Australian politician (born 1972)

Jodie Louise Campbell (born 18 January 1972) is a former Australian politician. She was a member of the House of Representatives from 2007 to 2010, representing the Tasmanian seat of Bass for the Australian Labor Party (ALP). She had previously served as deputy mayor of Launceston from 2005 to 2007.

==Early life==
Campbell was born in Queenstown, Tasmania. She grew up in Launceston as one of four daughters raised by a single mother, Patricia Crooks, who worked at a wool mill. Her grandfather was a returned soldier who spent several years as a Japanese prisoner-of-war in Changi Prison.

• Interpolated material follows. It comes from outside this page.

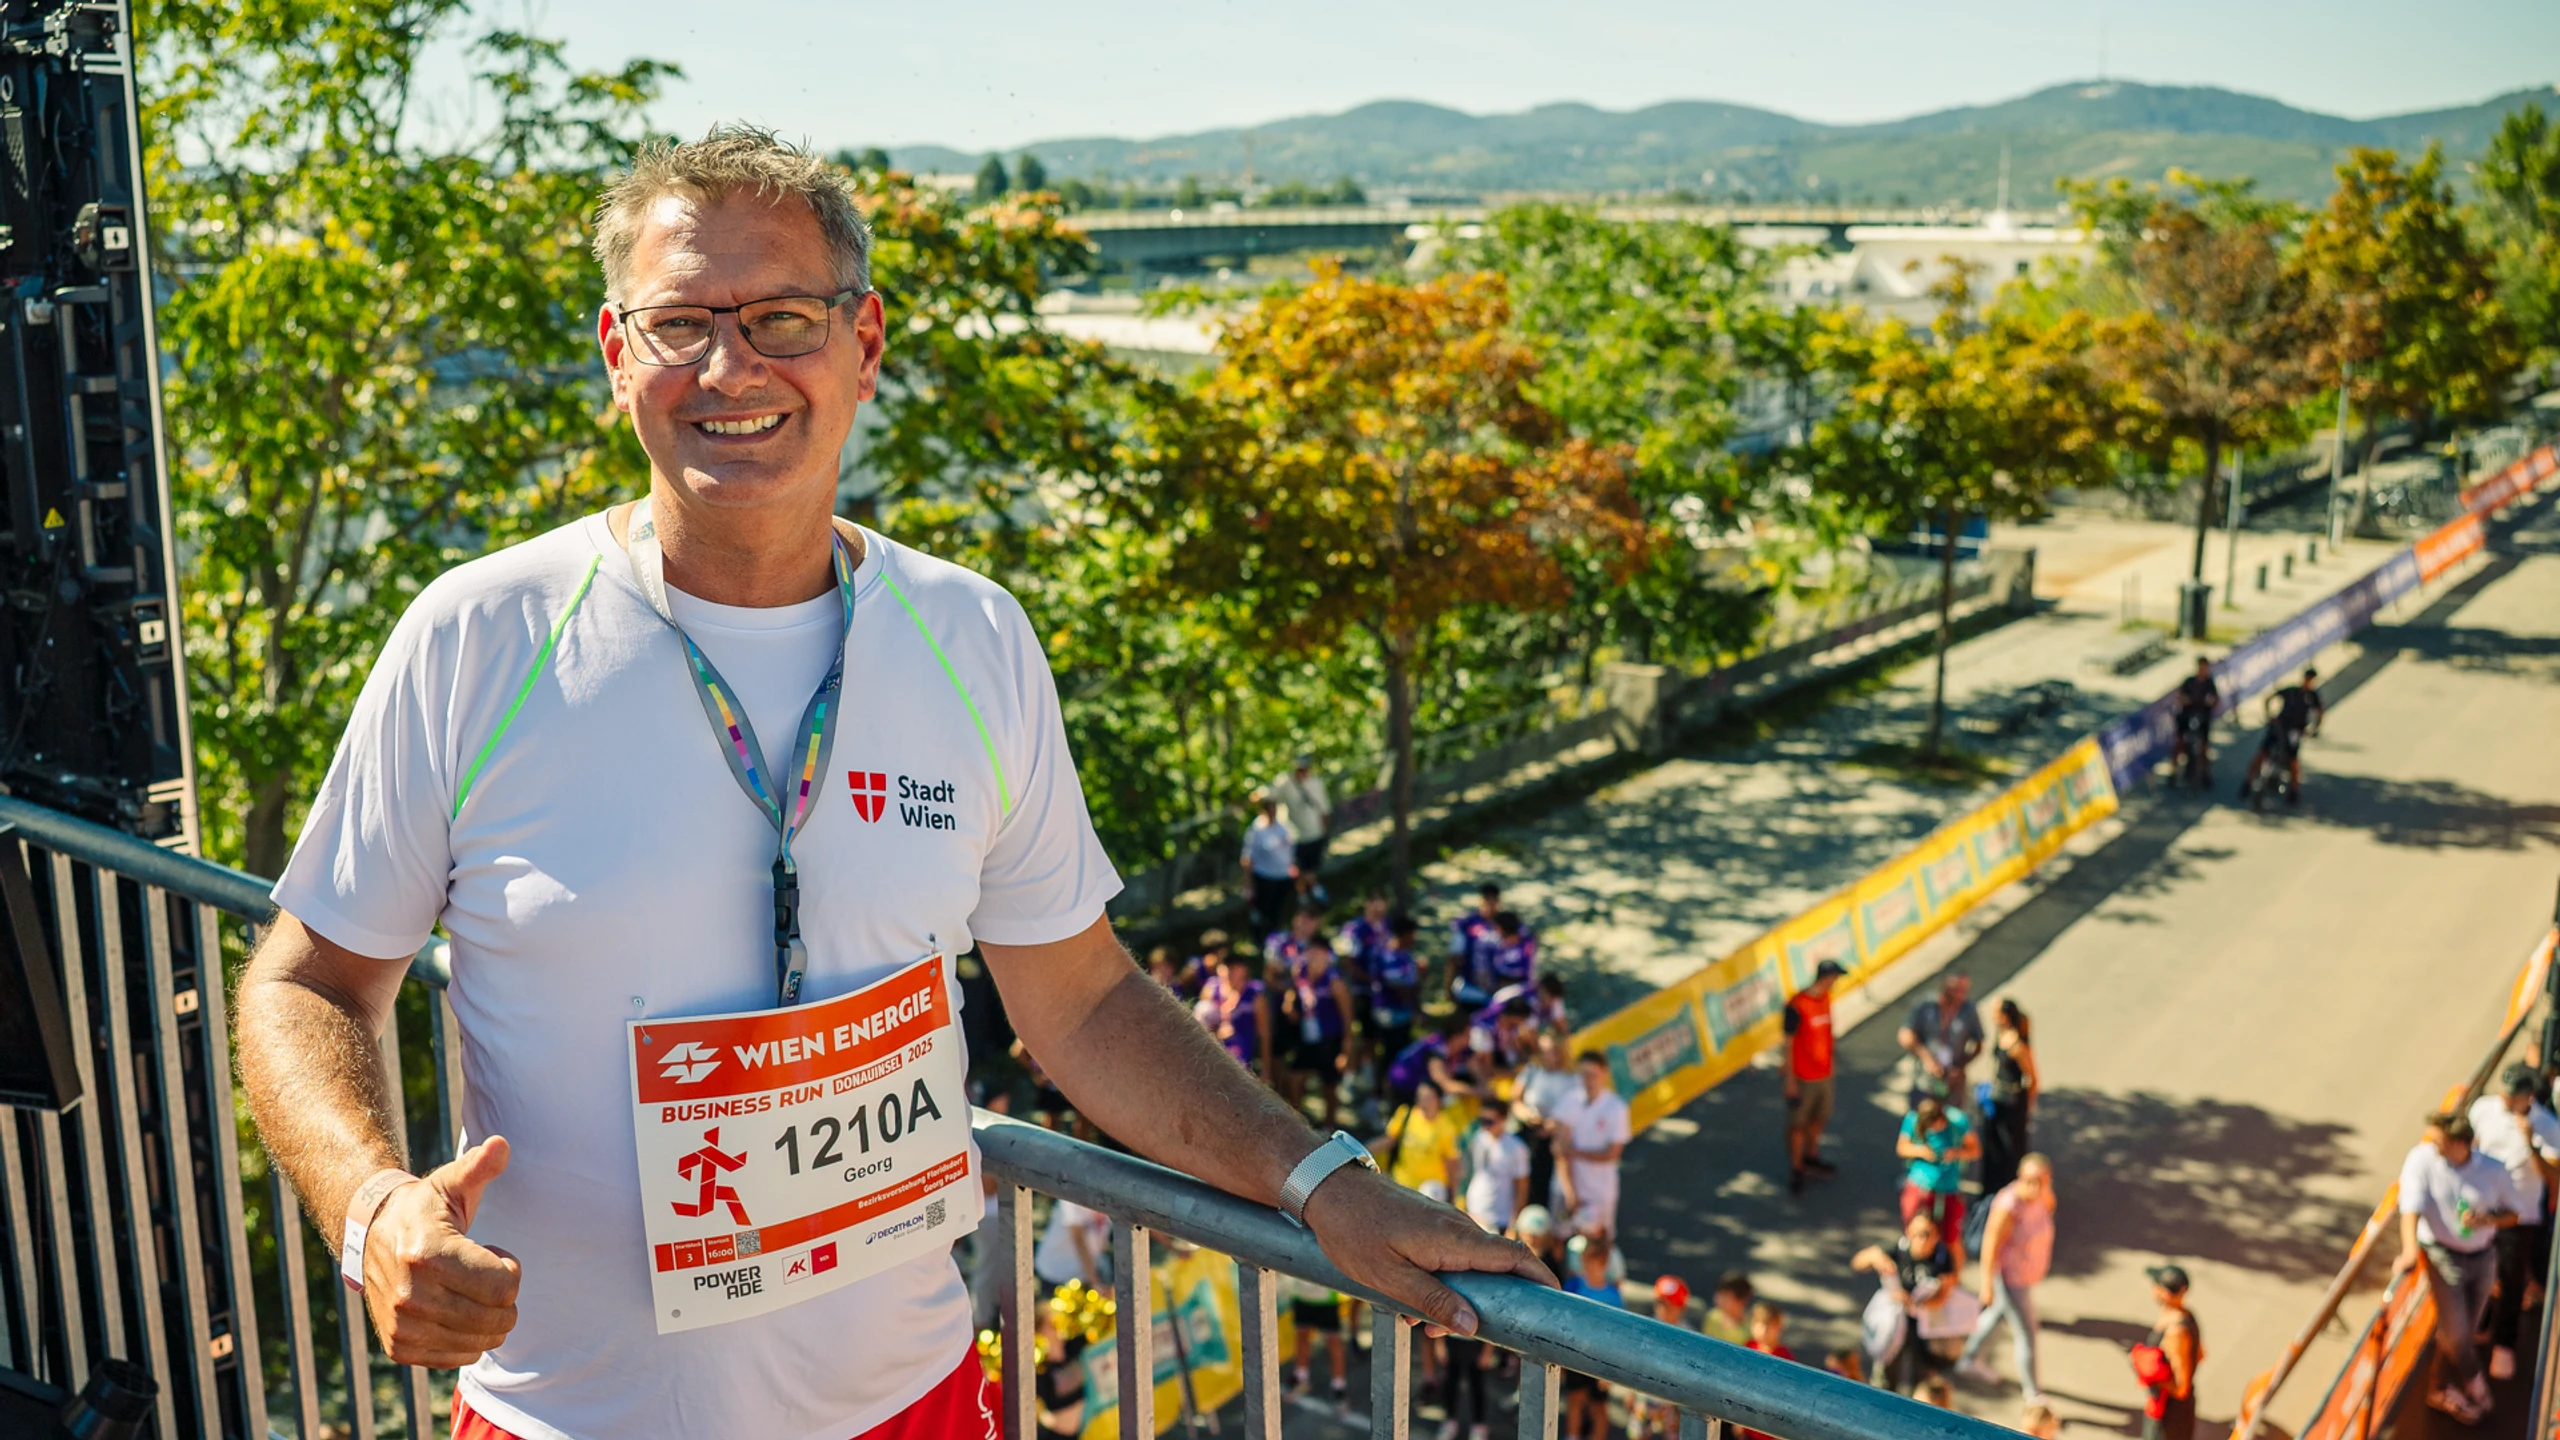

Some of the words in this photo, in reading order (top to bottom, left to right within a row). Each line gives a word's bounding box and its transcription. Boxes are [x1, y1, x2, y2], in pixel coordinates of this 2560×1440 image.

Campbell attended Ravenswood High School in Launceston's eastern suburbs. Prior to entering politics she worked as a legal secretary at Clarke and Gee Lawyers from 1989 to 1997 and then as a team leader with Ansett Australia from 1997 to 2001. She was working at the call centre in Launceston when the airline collapsed, subsequently using her position as an Australian Services Union delegate to campaign for the recovery of staff entitlements.

==Politics==
Campbell served as an alderman on the Launceston City Council from 2002 to 2007, including as deputy mayor from 2005. In January 2007 she won ALP preselection for the Division of Bass, after reversing an earlier decision not to stand, and formally resigned from the council in September 2007. At the 2007 federal election she narrowly defeated the incumbent Liberal MP Michael Ferguson on a 3.6-point two-party-preferred swing. In her maiden speech she quoted Ben Chifley's "light on the hill" speech.

In parliament Campbell served on three House of Representatives standing committees. She was a member of the Labor Left faction, specifically a "breakaway sub-faction" known as the Progressive Policy Forum, associated with state MPs David and Michelle O'Byrne.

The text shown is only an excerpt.